To dump on: to treat badly.
If you understand these definitions, you understand why we call them “nursing home dumps” in the emergency department. The dementia patient transferred for confusion. The comfort-care-only patient transferred for cough. Now please don’t misconstrue my cynicism; many nursing homes do a great job, and have an incredibly difficult set of patients to care for; I’m frequently amazed at how many days and how many interventions they’ve tried before the patients are transferred. I’m not suggesting that all nursing home transfers are “dumps,” but certainly a number of them are.
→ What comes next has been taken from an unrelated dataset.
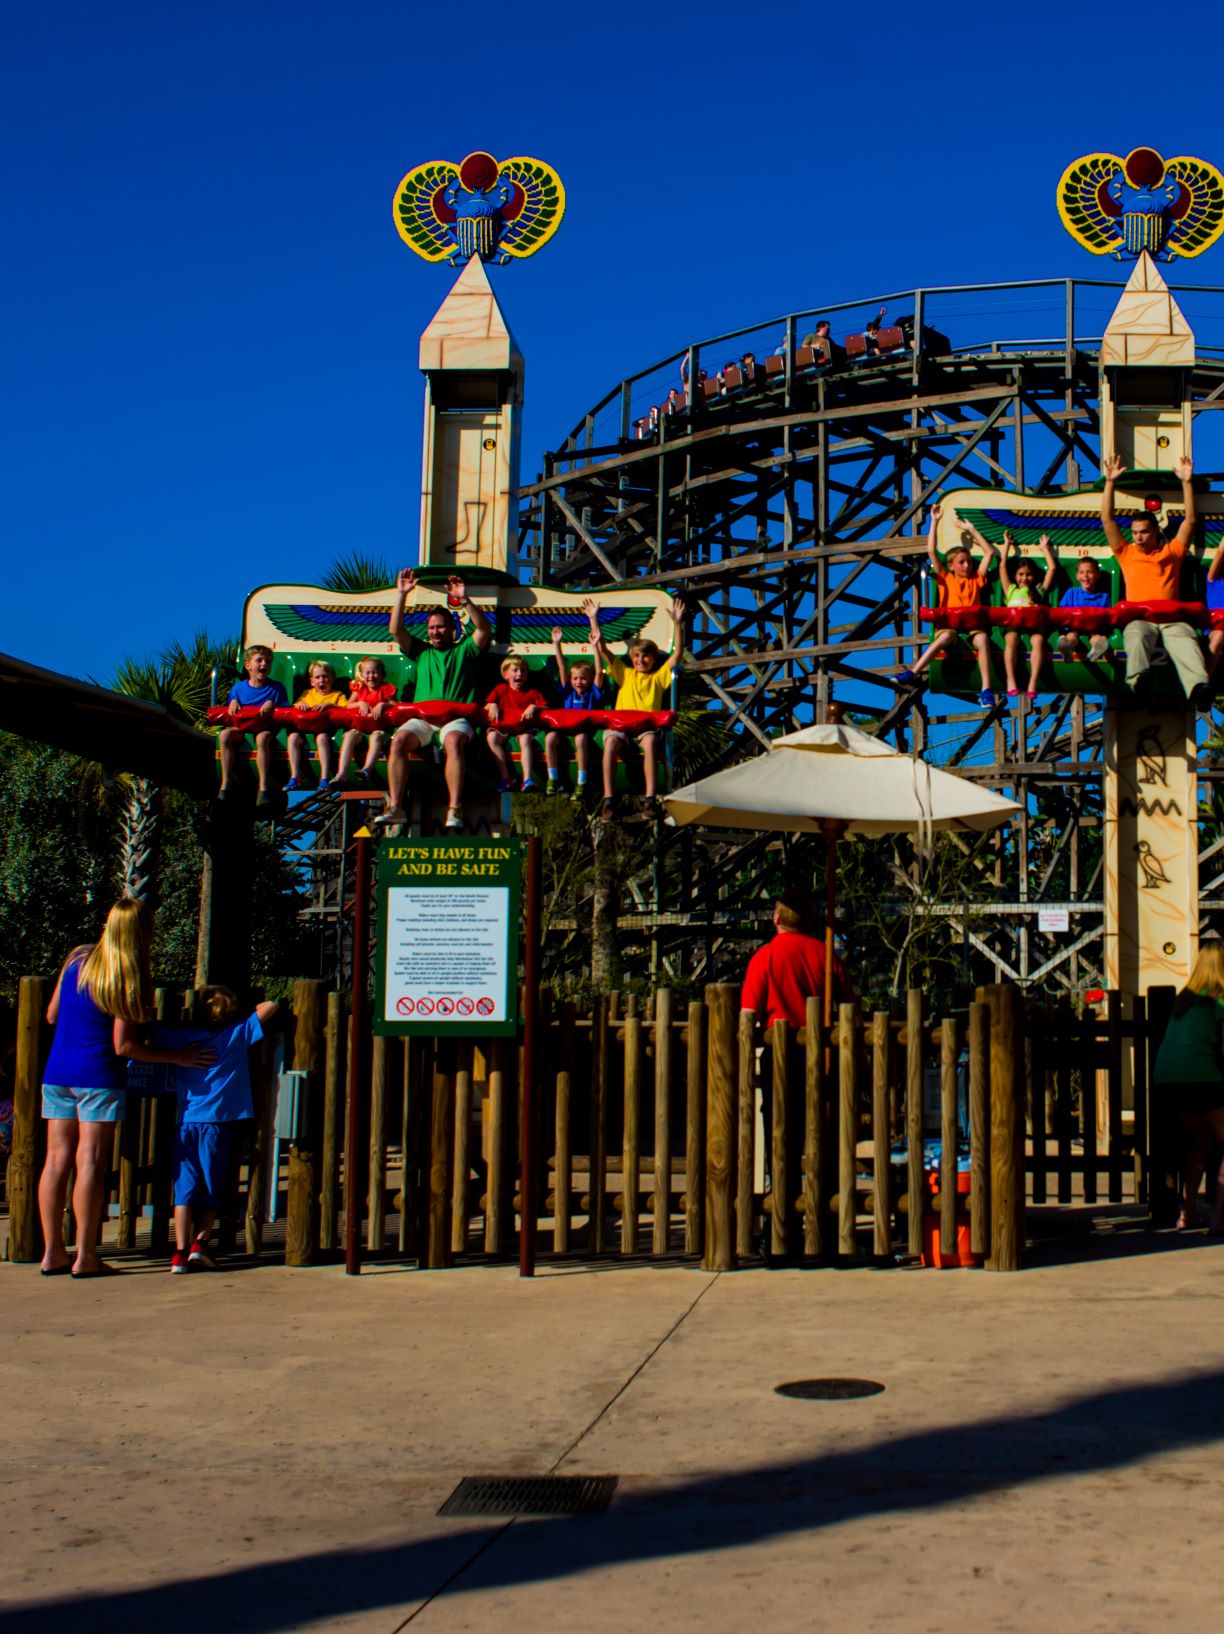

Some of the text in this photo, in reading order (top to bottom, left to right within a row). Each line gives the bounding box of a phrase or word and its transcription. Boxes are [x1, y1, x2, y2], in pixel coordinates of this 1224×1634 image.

[388, 847, 511, 860] LET'S HAVE FUN
[397, 863, 500, 876] AND BE SAFE
The vast majority of the time, the staff member at the nursing home who felt the patient needed to come to the ER is gone, having “just left shift,” with a transfer sheet only stating “confused,” with a pleasantly demented patient wide-eyed, staring at you in the face without any particular complaint. At my hospital, we’re frequently much luckier, with pretty good communication and notes to know how the patient ended up in the ER.
So what is an ER doctor to do? It’s 2am, you’ve called all the family members, and no one’s answered. No one that knows the patient is at the skilled nursing facility. The paperwork gives you nothing about how the patient is “confused,” or “altered.” Your exam is normal. Here’s how it usually goes:
1) Order a CT head, cath UA, basic labs, EKG.
2) Give some IV fluids.
3) Wait until morning until you can get some more information, possibly having to sedate the agitated, demented patient and complicate their mental status even more.
Could there possibly, possibly be a better way? I think so. Enter SNFTube.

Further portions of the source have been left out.